§ **Your goal**
Each entry must appear in the answer exactly as it does here.

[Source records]
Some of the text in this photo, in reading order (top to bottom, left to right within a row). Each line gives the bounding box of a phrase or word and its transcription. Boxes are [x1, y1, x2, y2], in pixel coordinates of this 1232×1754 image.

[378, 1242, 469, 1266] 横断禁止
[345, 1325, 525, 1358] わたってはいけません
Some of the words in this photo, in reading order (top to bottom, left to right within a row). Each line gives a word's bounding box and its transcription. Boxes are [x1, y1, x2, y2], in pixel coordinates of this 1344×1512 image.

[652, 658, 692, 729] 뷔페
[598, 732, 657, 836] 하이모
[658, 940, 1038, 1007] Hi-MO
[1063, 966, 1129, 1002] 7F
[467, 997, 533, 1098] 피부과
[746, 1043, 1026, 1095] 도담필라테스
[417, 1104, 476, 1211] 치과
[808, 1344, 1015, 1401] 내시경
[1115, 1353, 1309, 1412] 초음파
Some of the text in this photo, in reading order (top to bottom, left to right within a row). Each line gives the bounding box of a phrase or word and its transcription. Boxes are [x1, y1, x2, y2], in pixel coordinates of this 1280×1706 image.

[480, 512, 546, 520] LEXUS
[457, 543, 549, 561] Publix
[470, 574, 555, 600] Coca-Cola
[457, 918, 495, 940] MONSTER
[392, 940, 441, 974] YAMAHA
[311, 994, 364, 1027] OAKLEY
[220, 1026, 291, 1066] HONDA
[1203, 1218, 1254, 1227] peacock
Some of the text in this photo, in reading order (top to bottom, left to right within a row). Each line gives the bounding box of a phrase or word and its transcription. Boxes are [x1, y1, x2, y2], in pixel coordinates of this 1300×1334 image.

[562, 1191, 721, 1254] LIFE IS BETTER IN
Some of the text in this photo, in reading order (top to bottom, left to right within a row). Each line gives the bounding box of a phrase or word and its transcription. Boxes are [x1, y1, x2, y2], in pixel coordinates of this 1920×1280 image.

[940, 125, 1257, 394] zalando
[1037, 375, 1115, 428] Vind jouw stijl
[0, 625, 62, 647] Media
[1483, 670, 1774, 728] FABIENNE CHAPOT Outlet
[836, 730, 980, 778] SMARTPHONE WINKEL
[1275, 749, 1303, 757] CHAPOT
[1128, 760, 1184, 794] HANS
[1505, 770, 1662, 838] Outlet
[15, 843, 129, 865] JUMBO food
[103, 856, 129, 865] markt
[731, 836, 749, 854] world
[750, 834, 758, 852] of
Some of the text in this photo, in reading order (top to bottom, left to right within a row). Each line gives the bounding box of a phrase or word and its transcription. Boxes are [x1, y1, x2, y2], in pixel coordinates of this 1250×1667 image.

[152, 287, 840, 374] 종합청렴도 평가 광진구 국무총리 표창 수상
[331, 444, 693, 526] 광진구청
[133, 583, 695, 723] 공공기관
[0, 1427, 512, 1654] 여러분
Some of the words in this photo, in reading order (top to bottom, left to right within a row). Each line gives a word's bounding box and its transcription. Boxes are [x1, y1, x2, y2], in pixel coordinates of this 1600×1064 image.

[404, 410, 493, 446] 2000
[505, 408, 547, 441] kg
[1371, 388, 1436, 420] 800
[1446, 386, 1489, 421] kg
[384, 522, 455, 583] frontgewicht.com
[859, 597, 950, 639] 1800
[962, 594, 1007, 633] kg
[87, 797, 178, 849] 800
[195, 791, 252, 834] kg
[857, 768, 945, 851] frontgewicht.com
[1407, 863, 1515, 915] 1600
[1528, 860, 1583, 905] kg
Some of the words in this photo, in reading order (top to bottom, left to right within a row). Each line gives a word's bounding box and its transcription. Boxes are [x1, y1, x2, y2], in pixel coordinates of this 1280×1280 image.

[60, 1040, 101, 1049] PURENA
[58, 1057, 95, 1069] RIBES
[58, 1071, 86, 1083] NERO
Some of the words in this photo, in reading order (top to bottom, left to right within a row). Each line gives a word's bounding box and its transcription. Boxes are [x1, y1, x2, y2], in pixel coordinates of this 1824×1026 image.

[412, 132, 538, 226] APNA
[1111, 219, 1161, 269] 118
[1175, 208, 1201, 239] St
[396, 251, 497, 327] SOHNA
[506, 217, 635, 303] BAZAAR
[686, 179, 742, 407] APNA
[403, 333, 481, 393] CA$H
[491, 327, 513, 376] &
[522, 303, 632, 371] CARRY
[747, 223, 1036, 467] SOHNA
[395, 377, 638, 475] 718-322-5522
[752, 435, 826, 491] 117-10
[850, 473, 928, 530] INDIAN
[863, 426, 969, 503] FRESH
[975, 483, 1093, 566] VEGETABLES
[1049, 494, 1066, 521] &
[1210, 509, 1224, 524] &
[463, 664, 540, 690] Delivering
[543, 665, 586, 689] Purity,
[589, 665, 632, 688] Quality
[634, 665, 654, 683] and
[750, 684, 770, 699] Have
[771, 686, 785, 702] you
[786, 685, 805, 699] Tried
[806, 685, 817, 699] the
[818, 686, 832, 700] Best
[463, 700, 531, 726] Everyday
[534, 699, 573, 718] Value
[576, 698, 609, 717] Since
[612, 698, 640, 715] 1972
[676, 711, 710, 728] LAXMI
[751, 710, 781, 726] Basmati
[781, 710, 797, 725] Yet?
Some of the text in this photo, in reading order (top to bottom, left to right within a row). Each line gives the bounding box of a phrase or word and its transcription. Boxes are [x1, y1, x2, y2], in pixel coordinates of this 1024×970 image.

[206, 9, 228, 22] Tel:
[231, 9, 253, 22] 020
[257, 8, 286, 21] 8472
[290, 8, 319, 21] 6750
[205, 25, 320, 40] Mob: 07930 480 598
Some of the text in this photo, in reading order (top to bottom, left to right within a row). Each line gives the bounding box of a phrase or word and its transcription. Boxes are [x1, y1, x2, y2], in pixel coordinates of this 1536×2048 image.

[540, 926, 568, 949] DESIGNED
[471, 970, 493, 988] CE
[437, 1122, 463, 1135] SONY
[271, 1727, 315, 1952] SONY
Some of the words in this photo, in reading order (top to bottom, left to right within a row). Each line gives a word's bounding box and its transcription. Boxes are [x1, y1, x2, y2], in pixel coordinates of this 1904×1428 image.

§ **Task output**
Some of the text in this photo, in reading order (top to bottom, left to right within a row). Each line gives the bounding box of a phrase or word and its transcription. Boxes are [x1, y1, x2, y2], in pixel coordinates of this 1232×1754 image.

[378, 1242, 469, 1266] 横断禁止
[345, 1325, 525, 1358] わたってはいけません
Some of the words in this photo, in reading order (top to bottom, left to right within a row). Each line gives a word's bounding box and its transcription. Boxes are [x1, y1, x2, y2], in pixel coordinates of this 1344×1512 image.

[652, 658, 692, 729] 뷔페
[598, 732, 657, 836] 하이모
[658, 940, 1038, 1007] Hi-MO
[1063, 966, 1129, 1002] 7F
[467, 997, 533, 1098] 피부과
[746, 1043, 1026, 1095] 도담필라테스
[417, 1104, 476, 1211] 치과
[808, 1344, 1015, 1401] 내시경
[1115, 1353, 1309, 1412] 초음파
Some of the text in this photo, in reading order (top to bottom, left to right within a row). Each line gives the bounding box of a phrase or word and its transcription. Boxes are [x1, y1, x2, y2], in pixel coordinates of this 1280×1706 image.

[480, 512, 546, 520] LEXUS
[457, 543, 549, 561] Publix
[470, 574, 555, 600] Coca-Cola
[457, 918, 495, 940] MONSTER
[392, 940, 441, 974] YAMAHA
[311, 994, 364, 1027] OAKLEY
[220, 1026, 291, 1066] HONDA
[1203, 1218, 1254, 1227] peacock
Some of the text in this photo, in reading order (top to bottom, left to right within a row). Each line gives the bounding box of a phrase or word and its transcription. Boxes are [x1, y1, x2, y2], in pixel coordinates of this 1300×1334 image.

[562, 1191, 721, 1254] LIFE IS BETTER IN
Some of the text in this photo, in reading order (top to bottom, left to right within a row). Each line gives the bounding box of a phrase or word and its transcription. Boxes are [x1, y1, x2, y2], in pixel coordinates of this 1920×1280 image.

[940, 125, 1257, 394] zalando
[1037, 375, 1115, 428] Vind jouw stijl
[0, 625, 62, 647] Media
[1483, 670, 1774, 728] FABIENNE CHAPOT Outlet
[836, 730, 980, 778] SMARTPHONE WINKEL
[1275, 749, 1303, 757] CHAPOT
[1128, 760, 1184, 794] HANS
[1505, 770, 1662, 838] Outlet
[15, 843, 129, 865] JUMBO food
[103, 856, 129, 865] markt
[731, 836, 749, 854] world
[750, 834, 758, 852] of
Some of the text in this photo, in reading order (top to bottom, left to right within a row). Each line gives the bounding box of a phrase or word and its transcription. Boxes are [x1, y1, x2, y2], in pixel coordinates of this 1250×1667 image.

[152, 287, 840, 374] 종합청렴도 평가 광진구 국무총리 표창 수상
[331, 444, 693, 526] 광진구청
[133, 583, 695, 723] 공공기관
[0, 1427, 512, 1654] 여러분
Some of the words in this photo, in reading order (top to bottom, left to right within a row). Each line gives a word's bounding box and its transcription. Boxes are [x1, y1, x2, y2], in pixel coordinates of this 1600×1064 image.

[404, 410, 493, 446] 2000
[505, 408, 547, 441] kg
[1371, 388, 1436, 420] 800
[1446, 386, 1489, 421] kg
[384, 522, 455, 583] frontgewicht.com
[859, 597, 950, 639] 1800
[962, 594, 1007, 633] kg
[87, 797, 178, 849] 800
[195, 791, 252, 834] kg
[857, 768, 945, 851] frontgewicht.com
[1407, 863, 1515, 915] 1600
[1528, 860, 1583, 905] kg
Some of the words in this photo, in reading order (top to bottom, left to right within a row). Each line gives a word's bounding box and its transcription. Boxes are [x1, y1, x2, y2], in pixel coordinates of this 1280×1280 image.

[60, 1040, 101, 1049] PURENA
[58, 1057, 95, 1069] RIBES
[58, 1071, 86, 1083] NERO
Some of the words in this photo, in reading order (top to bottom, left to right within a row). Each line gives a word's bounding box and its transcription. Boxes are [x1, y1, x2, y2], in pixel coordinates of this 1824×1026 image.

[412, 132, 538, 226] APNA
[1111, 219, 1161, 269] 118
[1175, 208, 1201, 239] St
[396, 251, 497, 327] SOHNA
[506, 217, 635, 303] BAZAAR
[686, 179, 742, 407] APNA
[403, 333, 481, 393] CA$H
[491, 327, 513, 376] &
[522, 303, 632, 371] CARRY
[747, 223, 1036, 467] SOHNA
[395, 377, 638, 475] 718-322-5522
[752, 435, 826, 491] 117-10
[850, 473, 928, 530] INDIAN
[863, 426, 969, 503] FRESH
[975, 483, 1093, 566] VEGETABLES
[1049, 494, 1066, 521] &
[1210, 509, 1224, 524] &
[463, 664, 540, 690] Delivering
[543, 665, 586, 689] Purity,
[589, 665, 632, 688] Quality
[634, 665, 654, 683] and
[750, 684, 770, 699] Have
[771, 686, 785, 702] you
[786, 685, 805, 699] Tried
[806, 685, 817, 699] the
[818, 686, 832, 700] Best
[463, 700, 531, 726] Everyday
[534, 699, 573, 718] Value
[576, 698, 609, 717] Since
[612, 698, 640, 715] 1972
[676, 711, 710, 728] LAXMI
[751, 710, 781, 726] Basmati
[781, 710, 797, 725] Yet?
Some of the text in this photo, in reading order (top to bottom, left to right within a row). Each line gives the bounding box of a phrase or word and its transcription. Boxes are [x1, y1, x2, y2], in pixel coordinates of this 1024×970 image.

[206, 9, 228, 22] Tel:
[231, 9, 253, 22] 020
[257, 8, 286, 21] 8472
[290, 8, 319, 21] 6750
[205, 25, 320, 40] Mob: 07930 480 598
Some of the text in this photo, in reading order (top to bottom, left to right within a row). Each line gives the bounding box of a phrase or word and its transcription. Boxes are [x1, y1, x2, y2], in pixel coordinates of this 1536×2048 image.

[540, 926, 568, 949] DESIGNED
[471, 970, 493, 988] CE
[437, 1122, 463, 1135] SONY
[271, 1727, 315, 1952] SONY
Some of the words in this photo, in reading order (top to bottom, left to right within a row). Each line gives a word's bounding box and its transcription. Boxes are [x1, y1, x2, y2], in pixel coordinates of this 1904×1428 image.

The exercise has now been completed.